I leave Sunday afternoon to go to Dallas to conduct a five day training. This will be the last time I conduct this course and I only have one more class to teach before I retire. Strange feeling after 37 years of working as a trainer. Now, if I can just keep from falling asleep when I am in front of the class. Snoring on the part of the instructor always detracts from the presentation.

Now for the “silly break.” I am in charge of the coffee fund for two work sections at the state health department. Yesterday one of the coffee machines died. Here is the announcement I wrote for our coffee fund members:

IN MEMORIUM



February 14, 2007 – June 13, 2007

Sadly, at 8:17 on June 13, 2007, Mr. Black A. Decker expired. Foul play, though initially suspected, was quickly ruled out. Doctors say the cause of death was overwork, an oddity at his place of employment. Although surrounded by health care workers, all efforts to revive him were for naught. Mr. Decker, placed into service on February 14, 2007 and recruited from Wal-Mart, was extremely young for his breed, having lived and served only three months, 29 days. Normal life expectancy for one in his circumstances averages over one year. Autopsy results revealed a lot of rough living in his short life. He was scarred, pitted and unkempt. His internal plumbing showed evidence of hard living and hard water. Although he was listed as an organ donor, only his pot was saved. Viewing was held in room 1004 on June 13, 2007, during normal work hours. He was placed in a custom made box from the Original Manufacturer and placed in a temporary holding can.

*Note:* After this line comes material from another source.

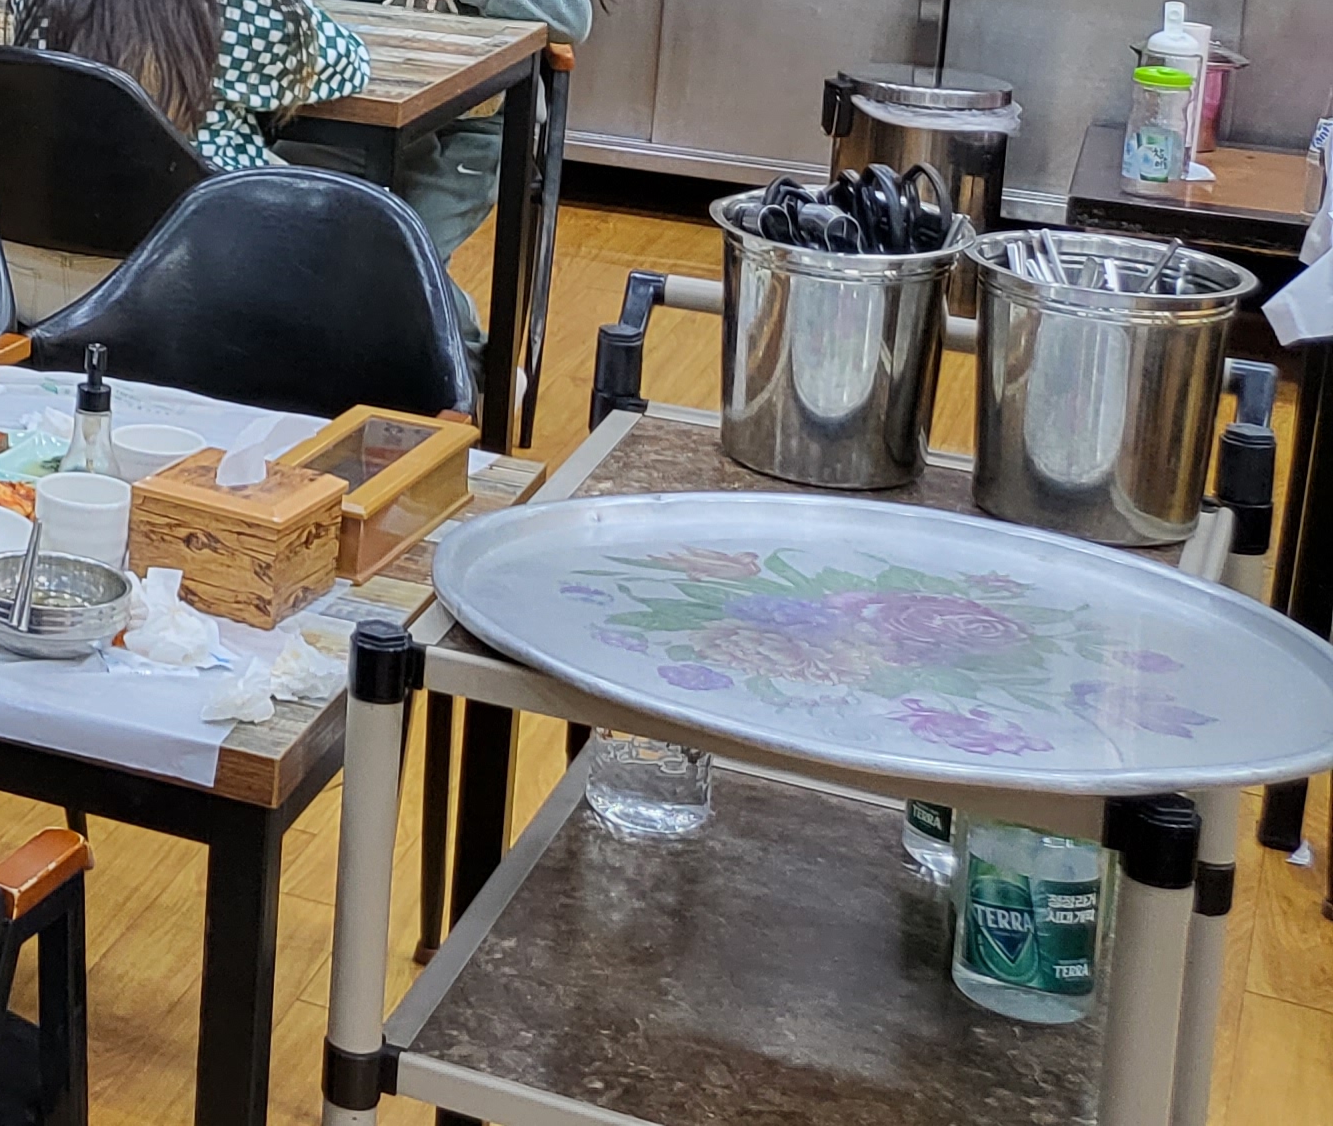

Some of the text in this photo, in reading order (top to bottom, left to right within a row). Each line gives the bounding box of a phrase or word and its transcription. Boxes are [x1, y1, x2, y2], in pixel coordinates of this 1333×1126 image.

[912, 804, 943, 831] TERRA
[973, 903, 1034, 933] TERRA
[1053, 962, 1089, 979] TERRA

Mourning turned to anger when word got out that his demise resulted in July NOT being a free month for fund participants. All respect was lost and Mr. Decker was relegated to the trash heap at the end of the day. An anonymous source remarked, “So much for loyalty and compassion!”

Mr. Decker is survived by his older friend and work companion, Mr. Proctor Silex, who works in the decaf department. Black’s position was quickly filled by a distant cousin of Mr. Silex, also named Proctor Silex, who ironically is black. He was quickly recruited from the local grocery store. The new Mr. Silex is more beautiful than his older cousin and he is equipped with more, though rarely used, options. Mr. Silex’s current caretaker, Mr. J. Wagner who is himself soon retiring (but not expiring) from state service, said, “Long live Proctor. My wish is that he is treated with the dignity and respect he deserves. My dream is that if I should return for a visit even two years from now that I would find Proctor healthy and continuing to dispense liquid caffeine for future state workers. Lord knows they need something to keep them awake and working.” Mr. Wagner arranged a three gun salute as a final tribute to Mr. Decker. “These guys were happy to do it,” said Wagner. “Of course it didn’t hurt that I was able to convince them it was also duck hunting season.”